I’m Only Wicked with You by Julie Anne Long

Epilogue

One year later . . .

The Mayor of Wolfdale and his bride made love like pagans all over their beautiful property.

On a blanket beneath towering trees on sultry summer nights.

On the shores of the lake after swimming naked, like otters.

In meadows, observed by squirrels and deer.

By the warmth of a leaping fire in winter, after they’d skipped flat stones across an icy pond to make them sing.
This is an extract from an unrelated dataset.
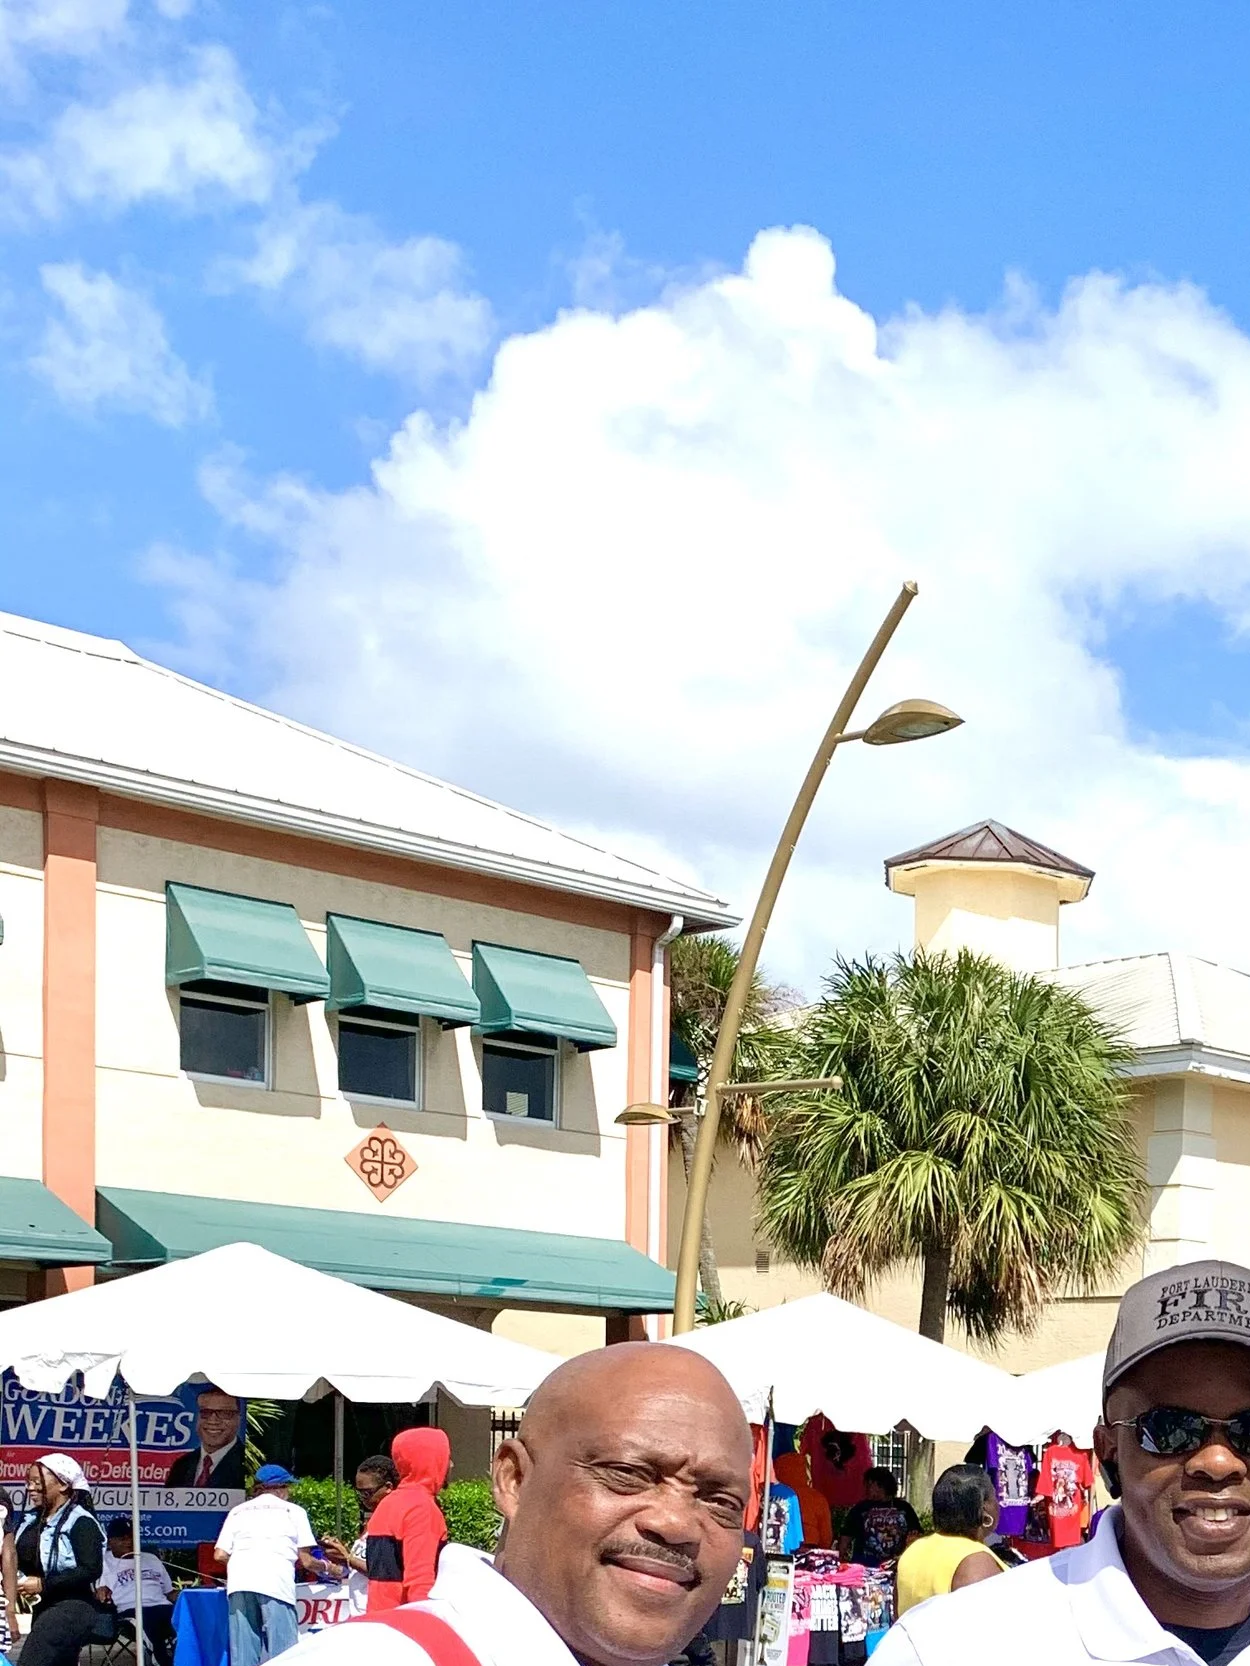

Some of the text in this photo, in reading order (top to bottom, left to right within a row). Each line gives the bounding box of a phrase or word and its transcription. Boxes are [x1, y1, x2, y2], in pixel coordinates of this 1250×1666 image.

[4, 1403, 194, 1446] WEEKES
[155, 1491, 180, 1509] 18,
[184, 1491, 229, 1507] 2020
And then came the perfect clear night when she’d stretched her nude body out on green grass beneath a black sky full of stars and a fat half-moon, and he’d pretended to be Hades discovering her. The ensuing ravishing left them all but floating up among the heavens.
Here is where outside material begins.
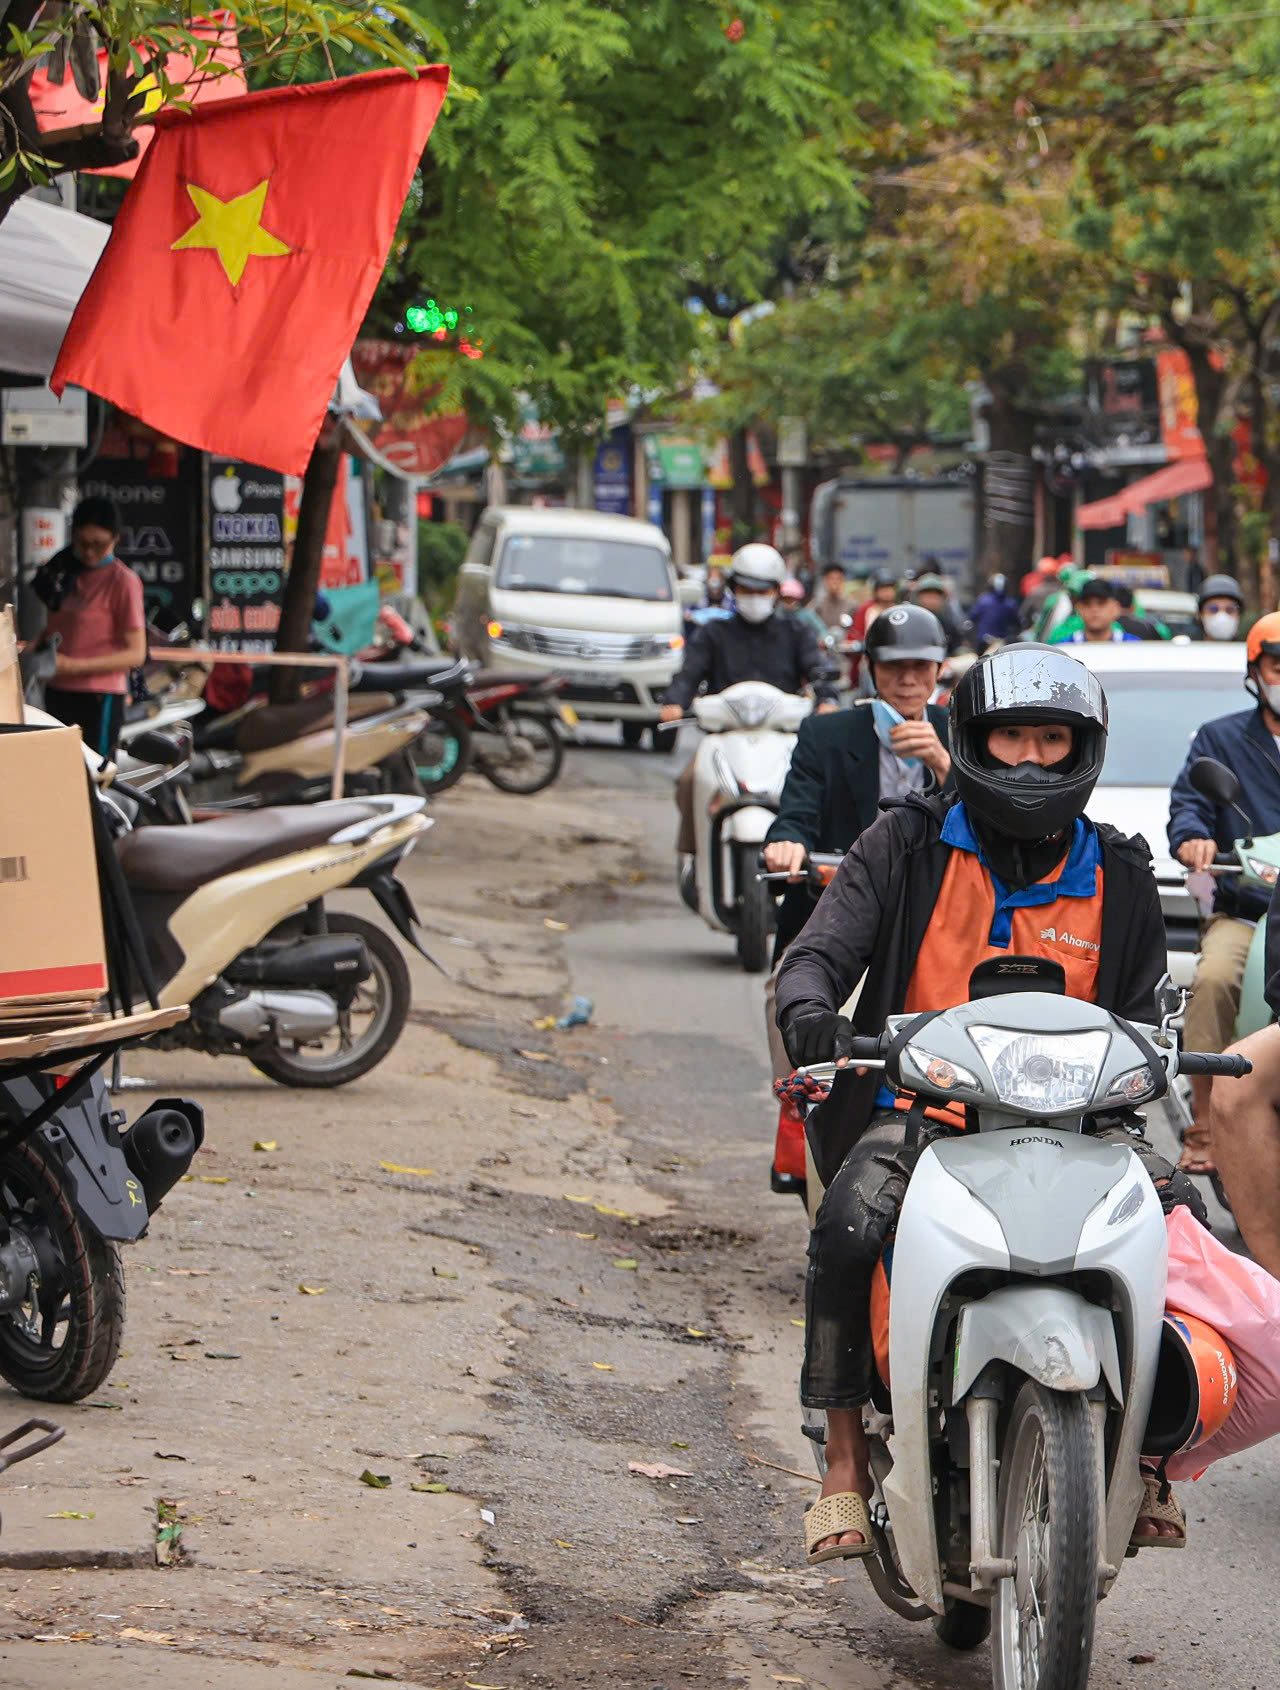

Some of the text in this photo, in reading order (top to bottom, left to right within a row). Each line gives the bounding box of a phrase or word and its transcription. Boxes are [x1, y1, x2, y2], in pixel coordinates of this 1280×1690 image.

[213, 513, 281, 542] NOKIA
[210, 548, 283, 569] SAMSUNG
[1009, 1136, 1065, 1149] HONDA
[1215, 1349, 1229, 1405] Ahamove
And as a result of that moonlit midnight magic, the lovemaking today—near a sheltered overlook, beyond them the mountains rippling outward in greens and blues, below them the sapphire wink of a lake, and behind them the pearly glow of the house—was slow and tender. They would be parents in seven months.

And their happiness gave everything a radiance.

Lillias had brought with her tiny scraps of silk and wool from clothes once worn by her mother and father and brother and sister.

The day she told Hugh about the baby was the day she laid them out on the balustrade rail for the hummingbirds who would soon be mothers, in solidarity and with blessings. Every nest was a miracle of strength and fragility. Even her own.

They’d at once dispatched one letter to Baltimore to Hugh’s sister, Maeve, who would come to stay with them when the baby arrived, and two letters across the ocean: one to Lillias’s family, and one to Mr. Delacorte. Lillias and Hugh had decided to ask him to be the baby’s godfather.

Lillias thought nothing could be more appropriate. Still, she was somewhat resigned to a certain inevitability. “His—”

“—or her,” Hugh said. They were talking about the baby.

“—first word is going to be ‘bollocks,’ isn’t it?”

Hugh laughed.

Hugh had learned from Lillias that it was Mr. Delacorte who waylaid the Vaughn carriage and sent her running back to The Grand Palace on the Thames.

“I saw how you looked at that girl,” Delacorte told him at the wedding celebration held in the new Annex ballroom, the first event apart from Hugh’s proposal to take place in the room. “The same way Hardy looks at Brownie, or Bolt looks at Goldie. I thought I’d see if I could prevent the two of you from being fools by breaking up your engagement, terrifying as she is.”

By the time they’d boarded the ship for America, Delacorte and Lillias very nearly liked each other.

Both letters took about six weeks to travel across the Atlantic. When Delacorte received his he let out such a whoop in the middle of The Grand Palace on the Thames that it traveled the thousands of miles across the ocean and soughed in the trees outside of the Hudson River Valley.

At least this was the story he and Hugh and Lillias told Hugh’s children for the rest of their lives.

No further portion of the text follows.